Wednesday, December 14, 2011
Nucleus Torn - Golden Age (2011)
Band: Nucleus Torn
Country: Ittigen, Switzerland
Style: Neo-Folk/Folk Metal
Label: Prophecy Productions
I'm not sure if it's obvious or not, but folk metal is not a style of metal that I particularly care for. More often than not, a lot of the bands that are tagged with "folk metal" are bands that sing about booze and parties while they dress up like vikings, very few groups actually incorporate folk music into their music though. Nucleus Torn is a band I've only become familiar with within the last six months of so but have absolutely fallen for them.
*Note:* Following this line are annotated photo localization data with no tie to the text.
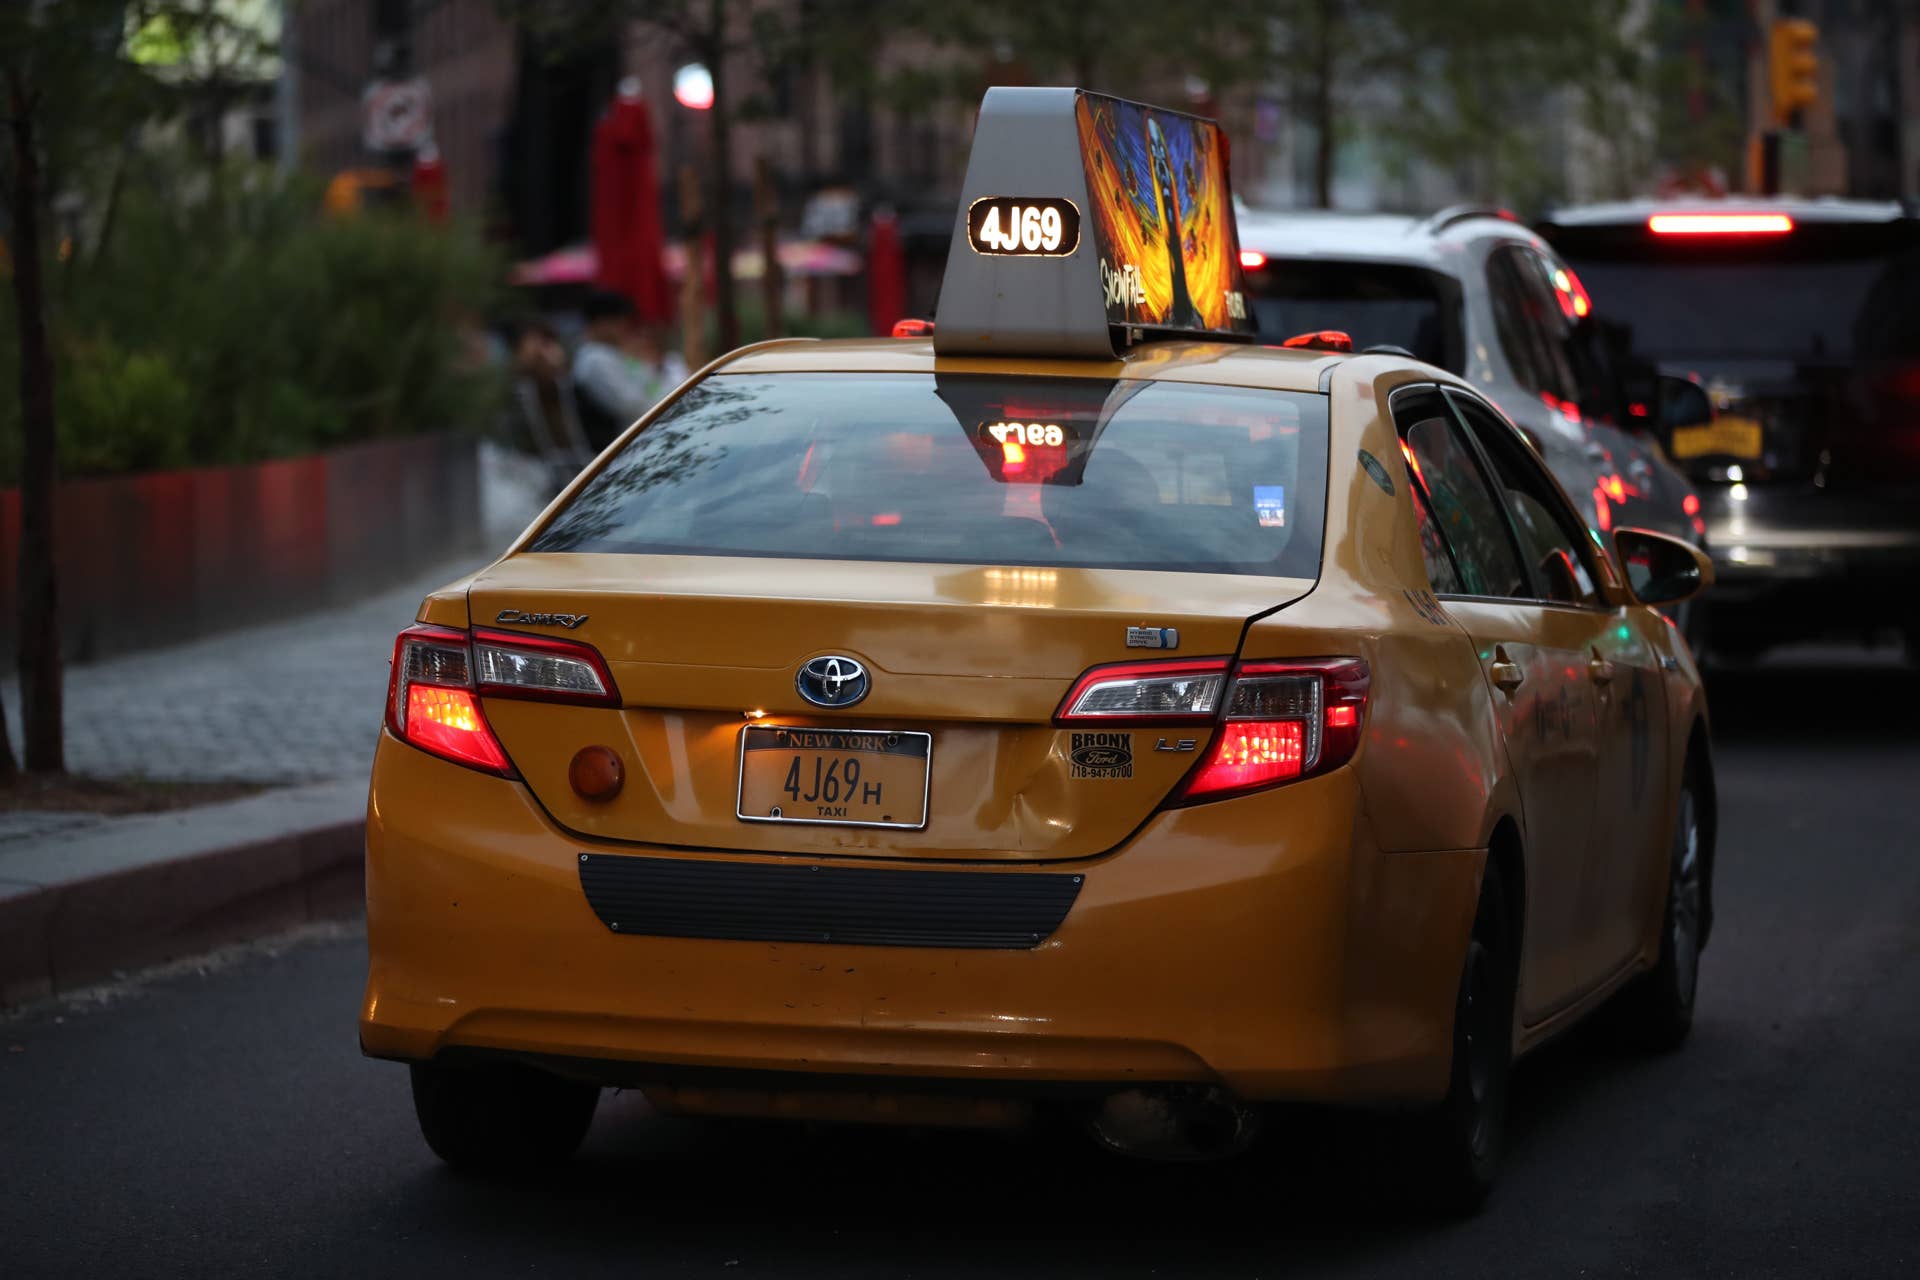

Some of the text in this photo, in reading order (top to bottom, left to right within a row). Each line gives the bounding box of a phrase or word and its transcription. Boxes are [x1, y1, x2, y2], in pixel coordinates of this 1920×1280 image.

[979, 205, 1062, 251] 4J69
[788, 732, 887, 751] NEW YORK
[1071, 733, 1132, 752] BRONX
[1155, 737, 1197, 752] LE
[1087, 750, 1119, 764] Ford
[1071, 763, 1133, 778] 718-947-0700
[816, 806, 848, 818] TAXI
I should make a note about the style of this band to all those that have not yet heard Nucleus Torn yet because this is not your average folk metal, as I just pointed out above. It's not danceable, party metal, this falls more in line with neo-folk and singer-songwriter music most of the time and only bridges into metal on certain occasions. What that means for those of you who aren't aware of those styles is that you will hear more somber, acoustic guitar led sections and songs more often than a heavy and pounding metal section, and that goes for their entire discography really. If it helps you imagine it, the opening title-track, Golden Age, is twelve minutes long and doesn't cross into heavy distorted guitars once, not that it ever needed to. In addition to that, there's quite a bit of variety in terms of instruments on here, it's not a only a guitar led album. Throughout all of the band's work you'll find the use of piano, flute, upright bass, dulcimer, violin, and cello, among other instruments used within their songs. They manage to create such a lush and orchestral sound without really going into cheesy or overly complex arrangements, something I hold in quite a high regard and definitely commend them for being able to do.
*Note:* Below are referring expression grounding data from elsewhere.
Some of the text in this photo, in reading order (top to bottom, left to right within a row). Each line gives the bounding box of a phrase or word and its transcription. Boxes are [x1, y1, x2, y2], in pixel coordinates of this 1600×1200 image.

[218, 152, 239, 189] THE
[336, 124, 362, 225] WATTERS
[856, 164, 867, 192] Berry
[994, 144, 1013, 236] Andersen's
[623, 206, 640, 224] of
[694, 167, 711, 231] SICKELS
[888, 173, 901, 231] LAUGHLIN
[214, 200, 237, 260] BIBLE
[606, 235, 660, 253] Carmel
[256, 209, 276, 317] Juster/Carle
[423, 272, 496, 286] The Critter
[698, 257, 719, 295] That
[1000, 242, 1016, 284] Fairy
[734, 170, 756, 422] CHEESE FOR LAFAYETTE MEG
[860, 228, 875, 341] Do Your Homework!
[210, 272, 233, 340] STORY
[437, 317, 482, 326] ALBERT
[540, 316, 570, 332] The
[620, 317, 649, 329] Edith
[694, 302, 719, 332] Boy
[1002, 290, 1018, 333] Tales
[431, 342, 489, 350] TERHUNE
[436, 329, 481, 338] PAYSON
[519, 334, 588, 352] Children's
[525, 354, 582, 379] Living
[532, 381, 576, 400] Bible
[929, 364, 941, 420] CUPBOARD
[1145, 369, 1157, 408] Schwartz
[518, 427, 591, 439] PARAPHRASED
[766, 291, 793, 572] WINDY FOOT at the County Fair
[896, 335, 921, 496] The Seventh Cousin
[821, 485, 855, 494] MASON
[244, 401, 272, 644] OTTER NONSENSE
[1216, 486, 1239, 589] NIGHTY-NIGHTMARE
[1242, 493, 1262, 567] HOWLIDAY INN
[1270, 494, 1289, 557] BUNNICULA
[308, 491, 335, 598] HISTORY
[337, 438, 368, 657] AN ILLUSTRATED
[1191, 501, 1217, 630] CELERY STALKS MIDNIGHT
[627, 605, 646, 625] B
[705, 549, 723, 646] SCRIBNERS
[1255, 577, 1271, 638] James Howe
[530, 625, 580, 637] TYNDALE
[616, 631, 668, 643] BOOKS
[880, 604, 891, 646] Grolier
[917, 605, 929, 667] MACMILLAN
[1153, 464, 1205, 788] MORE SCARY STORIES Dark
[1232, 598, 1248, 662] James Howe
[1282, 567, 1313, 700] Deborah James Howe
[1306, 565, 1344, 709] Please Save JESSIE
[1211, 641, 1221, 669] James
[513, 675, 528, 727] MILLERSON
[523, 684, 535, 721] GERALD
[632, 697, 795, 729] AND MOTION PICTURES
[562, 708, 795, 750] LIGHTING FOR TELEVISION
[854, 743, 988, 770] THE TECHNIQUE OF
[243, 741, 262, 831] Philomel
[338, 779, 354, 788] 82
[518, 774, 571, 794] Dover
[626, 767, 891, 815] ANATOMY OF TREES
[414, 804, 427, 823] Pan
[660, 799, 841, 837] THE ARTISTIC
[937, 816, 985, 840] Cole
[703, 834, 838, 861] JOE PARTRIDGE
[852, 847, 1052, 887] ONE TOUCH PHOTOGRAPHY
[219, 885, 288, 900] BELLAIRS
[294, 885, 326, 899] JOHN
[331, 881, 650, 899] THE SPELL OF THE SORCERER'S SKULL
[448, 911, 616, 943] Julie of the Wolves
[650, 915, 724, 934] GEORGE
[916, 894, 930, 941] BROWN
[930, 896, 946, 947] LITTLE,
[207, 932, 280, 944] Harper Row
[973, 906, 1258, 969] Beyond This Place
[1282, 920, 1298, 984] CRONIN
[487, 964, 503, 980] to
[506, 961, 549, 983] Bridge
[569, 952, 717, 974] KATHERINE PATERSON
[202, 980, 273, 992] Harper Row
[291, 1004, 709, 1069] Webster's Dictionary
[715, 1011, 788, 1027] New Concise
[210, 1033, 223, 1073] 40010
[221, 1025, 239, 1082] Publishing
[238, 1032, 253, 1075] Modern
When putting this album next to some of their other material, it doesn't stand out as being quite as dark as their earlier work. Saying that shouldn't make you imagine more uplifting parts, but it's a lot less melancholic all the time, if that makes sense. I don't believe I've heard the band cross into territory that's so beautifully mournful as on Silver before. I probably should have said above that this is absolutely beautiful music, when it's soft it sounds so delicate and quiet and turns out to be quite moving. When this thing goes distorted though, it can be used to either go full-on blackened death metal kind of way, which it does in the closer Death Triumphant, or it can be used more as an accompaniment to enhance the power of a part. Ash is not a heavy song, it's still very contained within the folk realm for most of it's running time, but when the distorted guitars are used, it isn't used to bring in a sense of anger or rage, but enhance the power of the melancholic beauty. The closer is really what I consider to be the only real "metal" song on the album, and Christian Kolf, of Owl and Valborg among others, guests on vocals and brings an interesting take to the song. I'd also say that this album flows a lot more than the other material as well, as each track does lead into the next quite seamlessly, though whether or not that's intentional I'm not sure of because each song still stands on it's own.
This isn't a band I anticipate people just jumping into because they aren't really "metal" all that often. Personally, I think these guys are creating some of the most beautiful music this side of Anathema and Devin Townsend. Definitely check it out if you're interested in real folk music with elements of metal thrown into the mix.